Netflow table on CAT6500 SUP720

Unanswered Question
Oct 17th, 2007

Hi,

we have quite strange problem, we have SUP720, starting the Netflow statistic like:

mls flow ip interface-destination-source

mls nde sender version 5

mls sampling packet-based 1024 8192

interface TenGigabitEthernet7/1

ip nat outside

mls netflow sampling

ip flow-export source Loopback1

ip flow-export version 5 origin-as

ip flow-export destination SERVER1 PORT1

the utilisation of Netflow table is 100%, I'm starting the command "sh mls netflow table-contention summary" every second (actually as fast as get the answer from previous command) and see that after 8-10 seconds the netflow table is full and then it will be empted:

########################################

edge1#sh mls netflow table-contention summary

Earl in Module 5

Summary of Netflow CAM Utilization (as a percentage)

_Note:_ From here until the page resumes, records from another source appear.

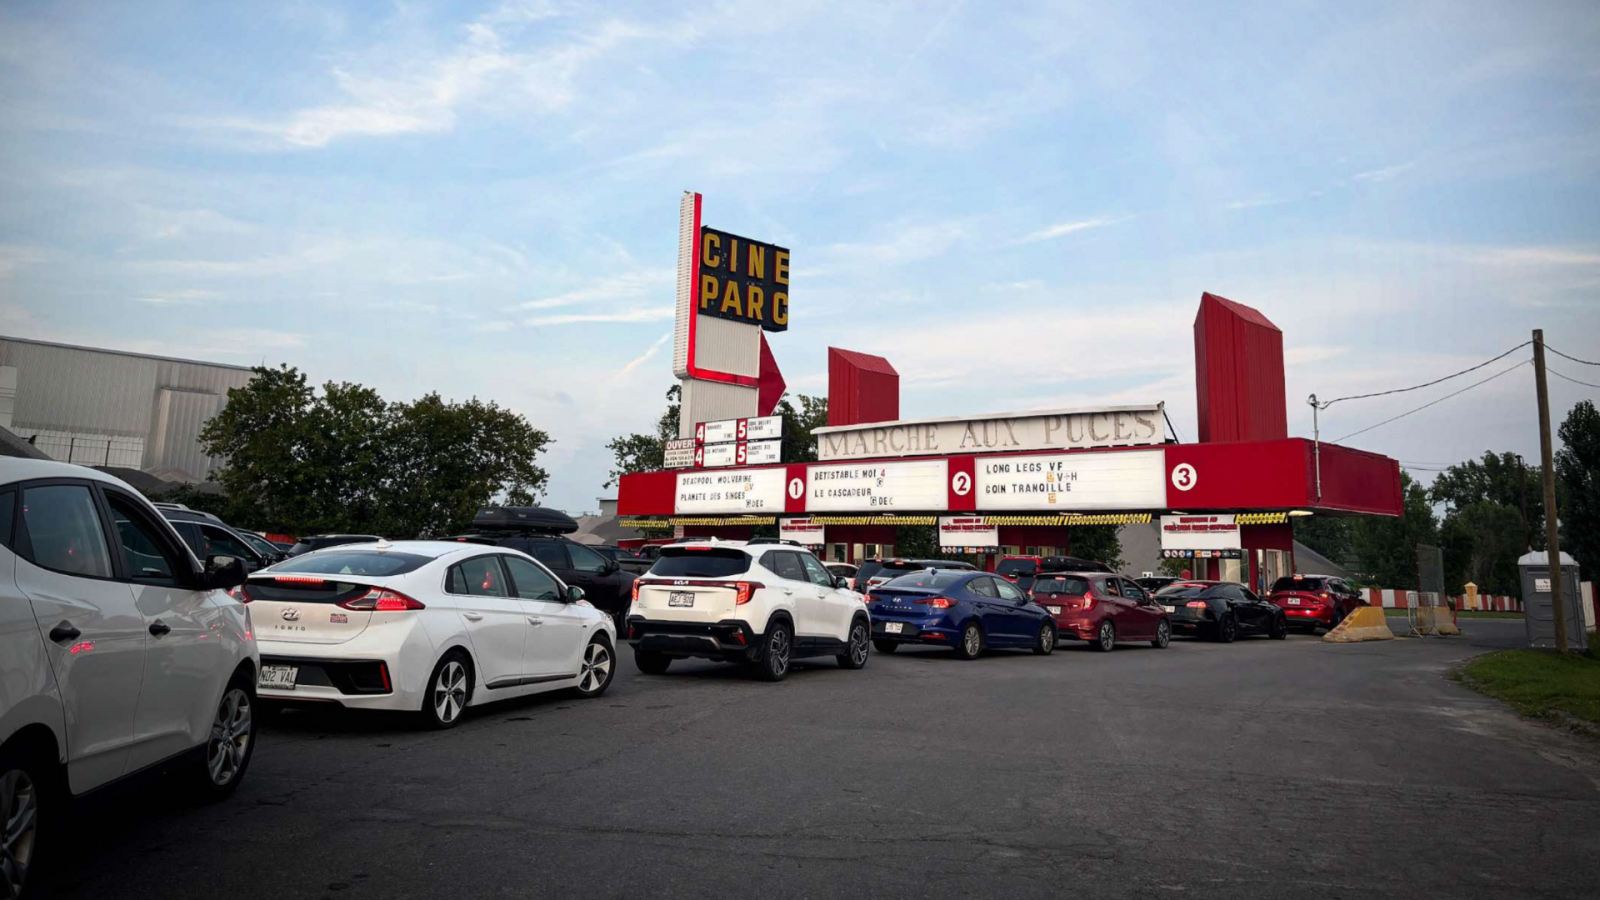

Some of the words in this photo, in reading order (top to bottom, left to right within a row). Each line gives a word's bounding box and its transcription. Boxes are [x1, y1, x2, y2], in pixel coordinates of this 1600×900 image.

[703, 232, 789, 285] CINE
[702, 274, 788, 325] PARC
[697, 425, 704, 441] 4
[738, 421, 746, 438] 5
[824, 423, 939, 457] MARCHE
[960, 418, 1020, 449] AUX
[1043, 410, 1156, 444] PUCES
[695, 448, 703, 465] 4
[737, 446, 746, 462] 5
[814, 469, 859, 481] DETESTABLE
[862, 469, 876, 478] MOI
[880, 469, 886, 477] 4
[986, 464, 1010, 474] LONG
[1016, 462, 1042, 473] LEGS
[1049, 462, 1063, 471] VF
[957, 475, 967, 492] 2
[1178, 467, 1191, 486] 3
[793, 481, 799, 496] 1
[814, 489, 824, 498] LE
[827, 488, 872, 497] CASCADEUR
[280, 671, 295, 683] VAL
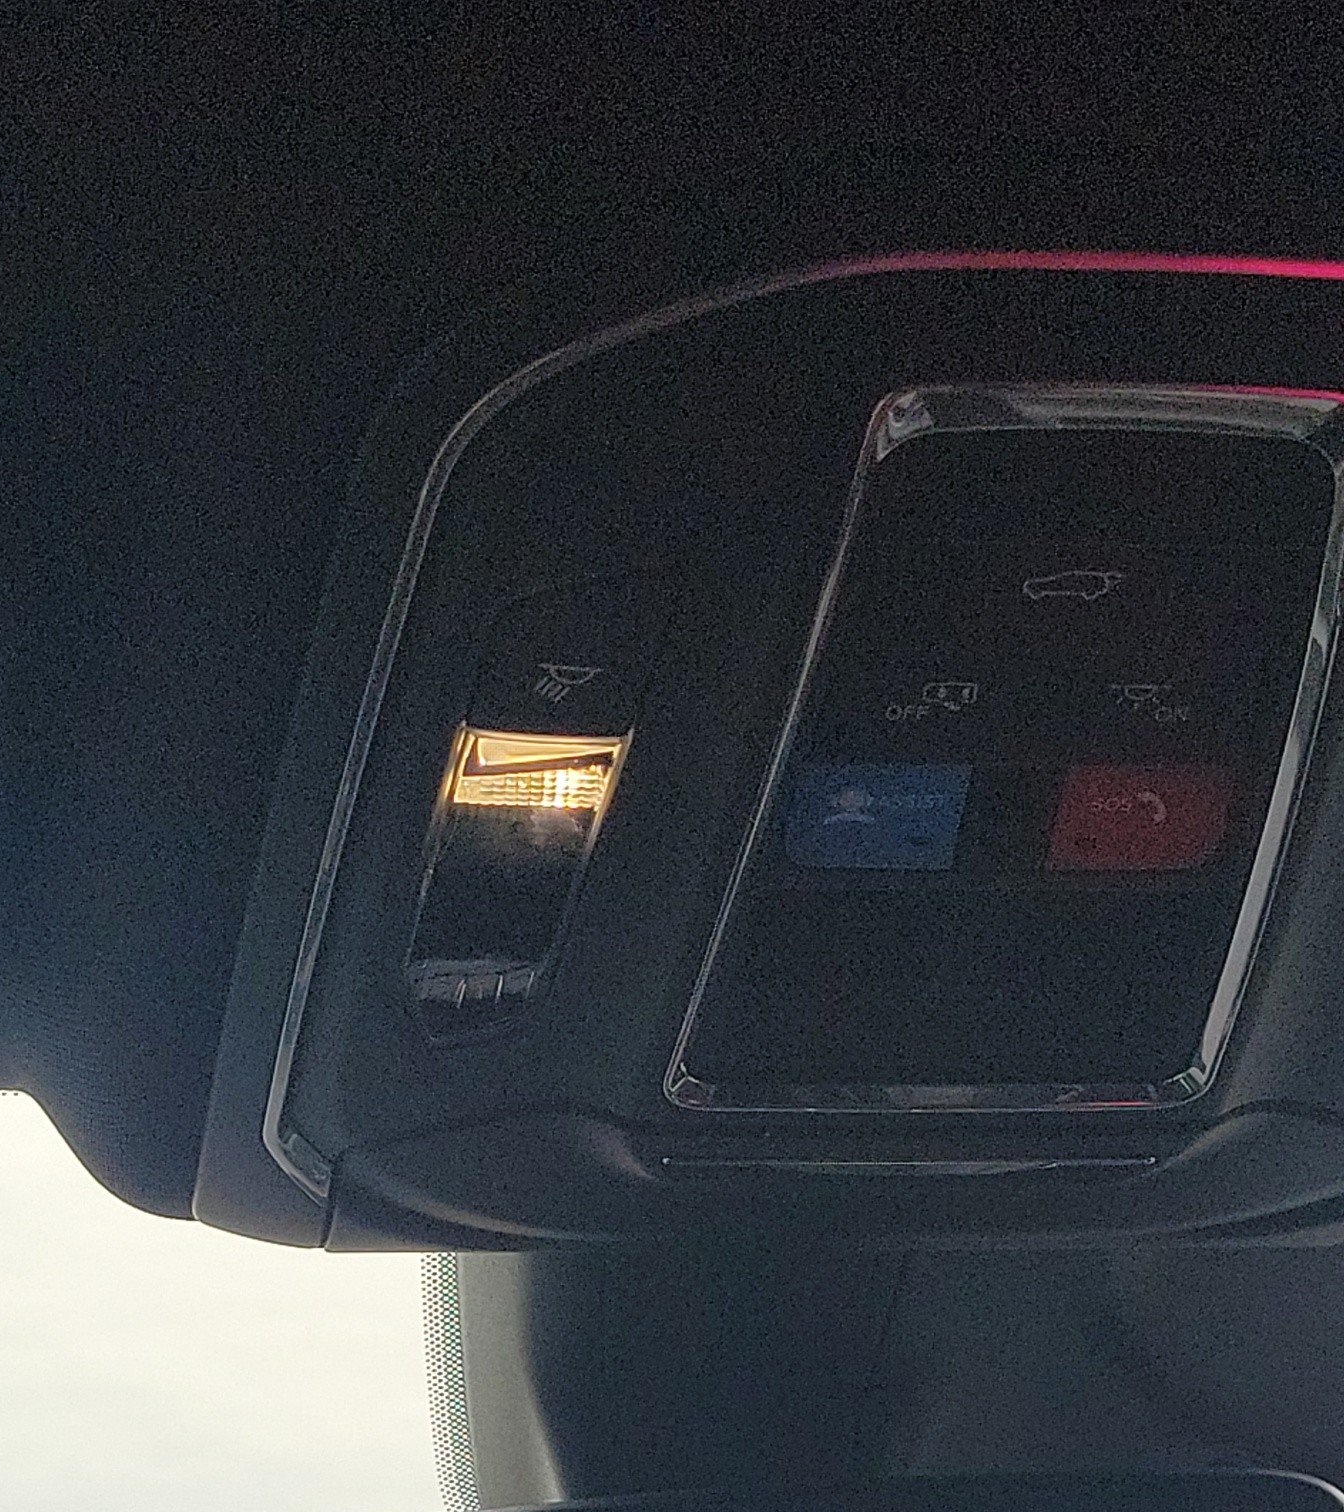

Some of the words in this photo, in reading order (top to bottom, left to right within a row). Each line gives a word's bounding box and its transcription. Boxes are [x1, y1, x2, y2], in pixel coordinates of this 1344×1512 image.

[884, 704, 931, 721] OFF
[1154, 705, 1190, 722] ON
[1088, 797, 1133, 812] SOS
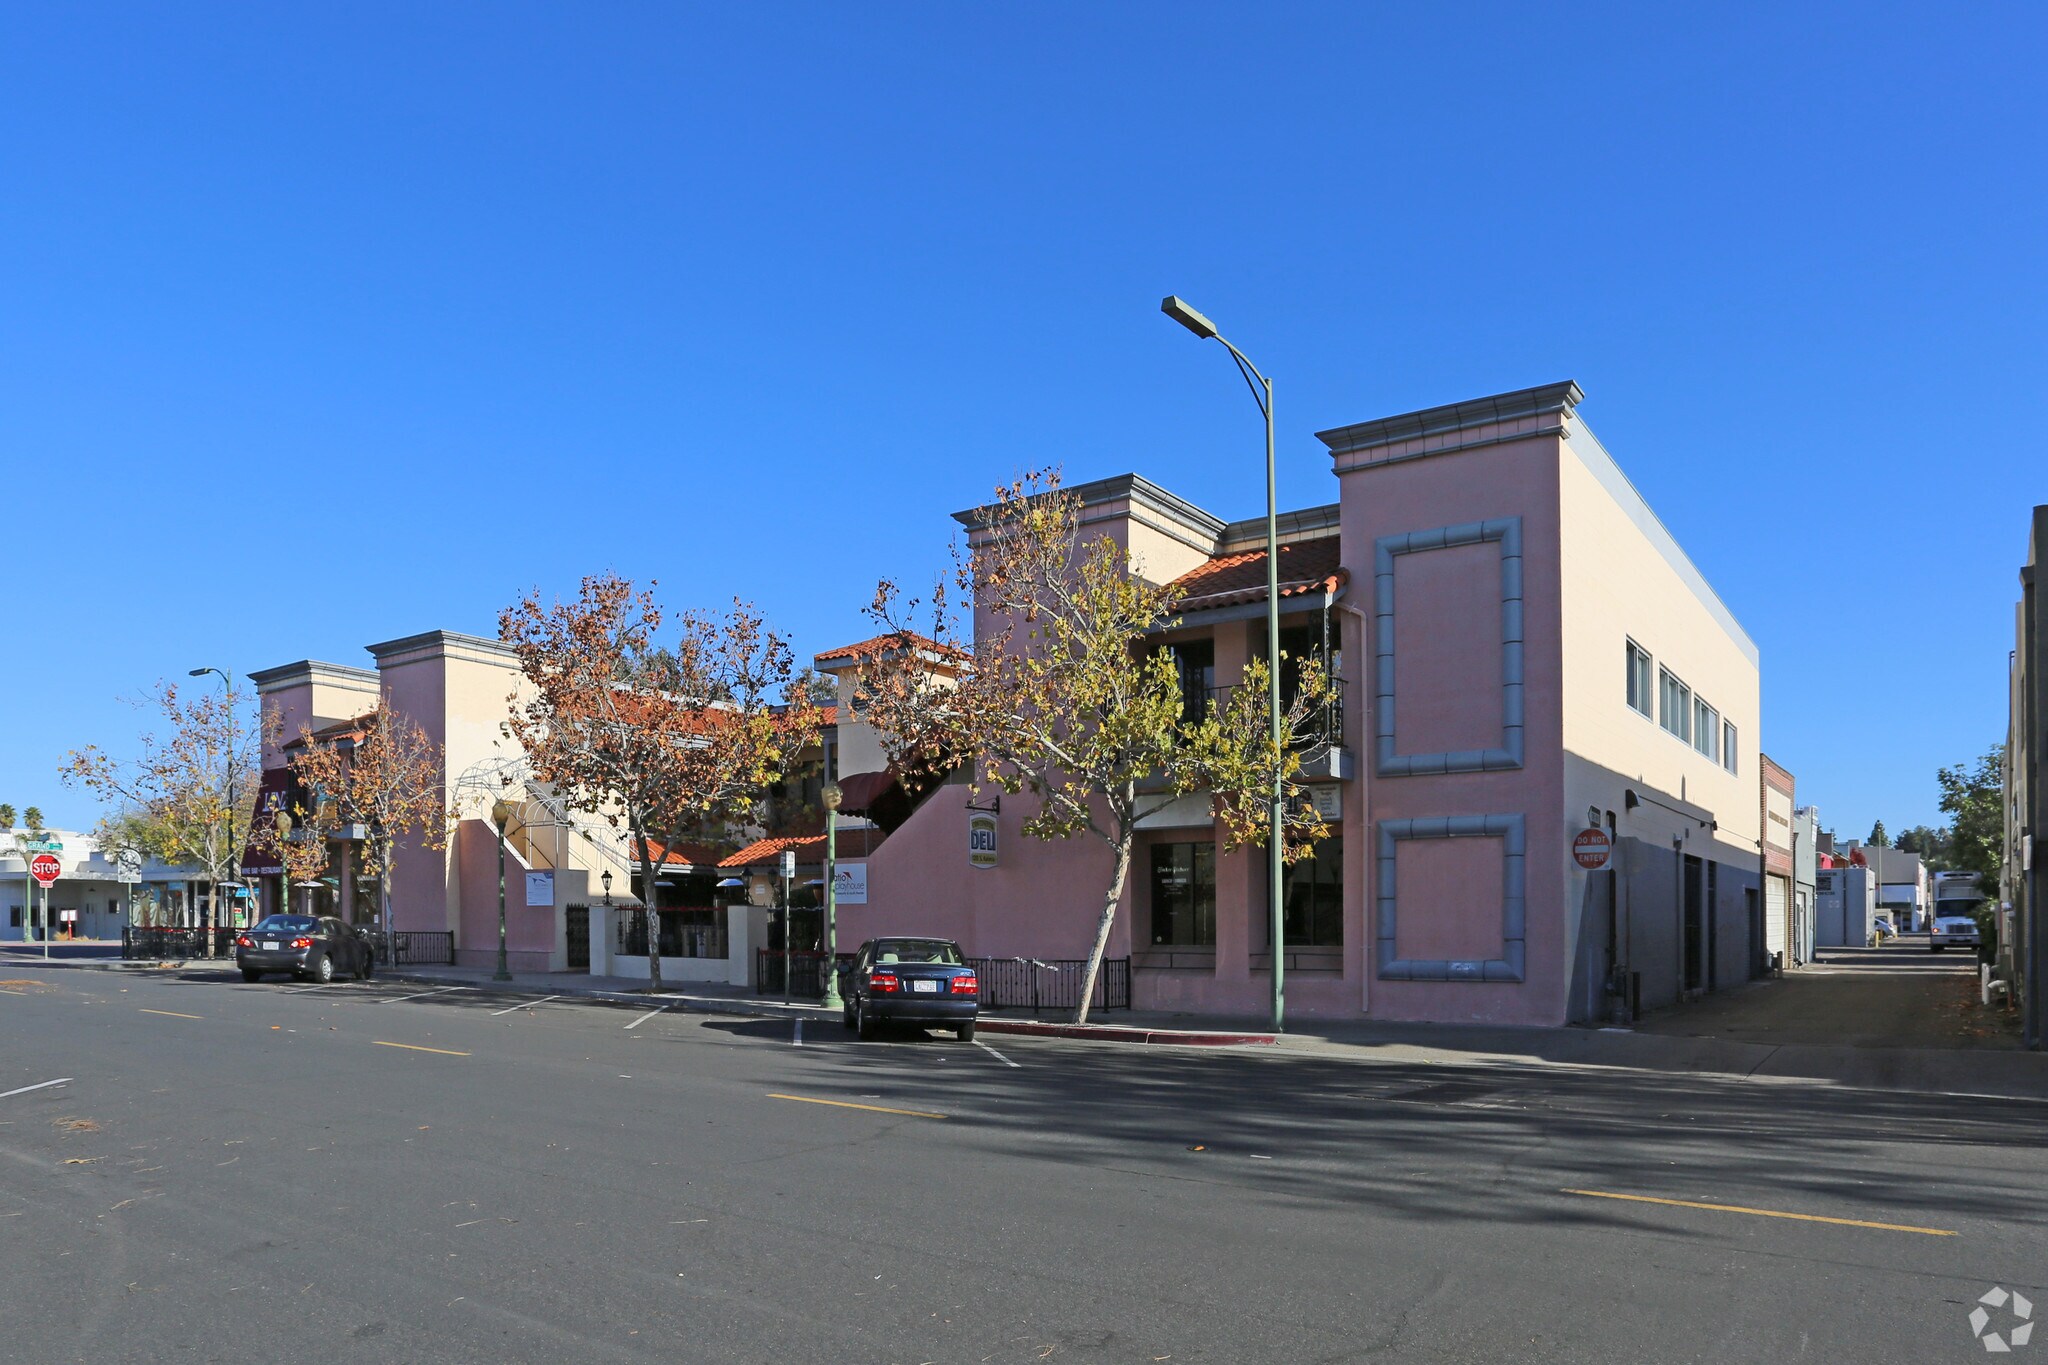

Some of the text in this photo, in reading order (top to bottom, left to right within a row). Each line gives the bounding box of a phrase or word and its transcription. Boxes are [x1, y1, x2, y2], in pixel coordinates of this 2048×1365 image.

[970, 830, 996, 851] DELI
[1577, 836, 1606, 844] DO NOT
[27, 841, 50, 850] GRAND
[1578, 854, 1604, 862] ENTER
[33, 862, 60, 875] STOP

====================================================

TCAM Utilization : 95%

ICAM Utilization : 0%

Netflow Creation Failures : 155991

Netflow CAM aliases : 0

edge1#sh mls netflow table-contention summary

Earl in Module 5

Summary of Netflow CAM Utilization (as a percentage)

====================================================

TCAM Utilization : 39%

ICAM Utilization : 0%

Netflow Creation Failures : 112038

Netflow CAM aliases : 0

edge1#sh mls netflow table-contention summary

Earl in Module 5

Summary of Netflow CAM Utilization (as a percentage)

====================================================

TCAM Utilization : 55%

ICAM Utilization : 0%

Netflow Creation Failures : 0

Netflow CAM aliases : 0

edge1#sh mls netflow table-contention summary

Earl in Module 5

Summary of Netflow CAM Utilization (as a percentage)

====================================================

TCAM Utilization : 71%

ICAM Utilization : 0%

Netflow Creation Failures : 0

Netflow CAM aliases : 0

edge1#sh mls netflow table-contention summary

Earl in Module 5

Summary of Netflow CAM Utilization (as a percentage)

====================================================

TCAM Utilization : 83%

ICAM Utilization : 0%

Netflow Creation Failures : 0

Netflow CAM aliases : 0

edge1#sh mls netflow table-contention summary

Earl in Module 5

Summary of Netflow CAM Utilization (as a percentage)

====================================================

TCAM Utilization : 99%

ICAM Utilization : 0%

Netflow Creation Failures : 55

Netflow CAM aliases : 0

edge1#sh mls netflow table-contention summary

Earl in Module 5

Summary of Netflow CAM Utilization (as a percentage)

====================================================

TCAM Utilization : 100%

ICAM Utilization : 0%

Netflow Creation Failures : 80510

Netflow CAM aliases : 0

edge1#sh mls netflow table-contention summary

Earl in Module 5

Summary of Netflow CAM Utilization (as a percentage)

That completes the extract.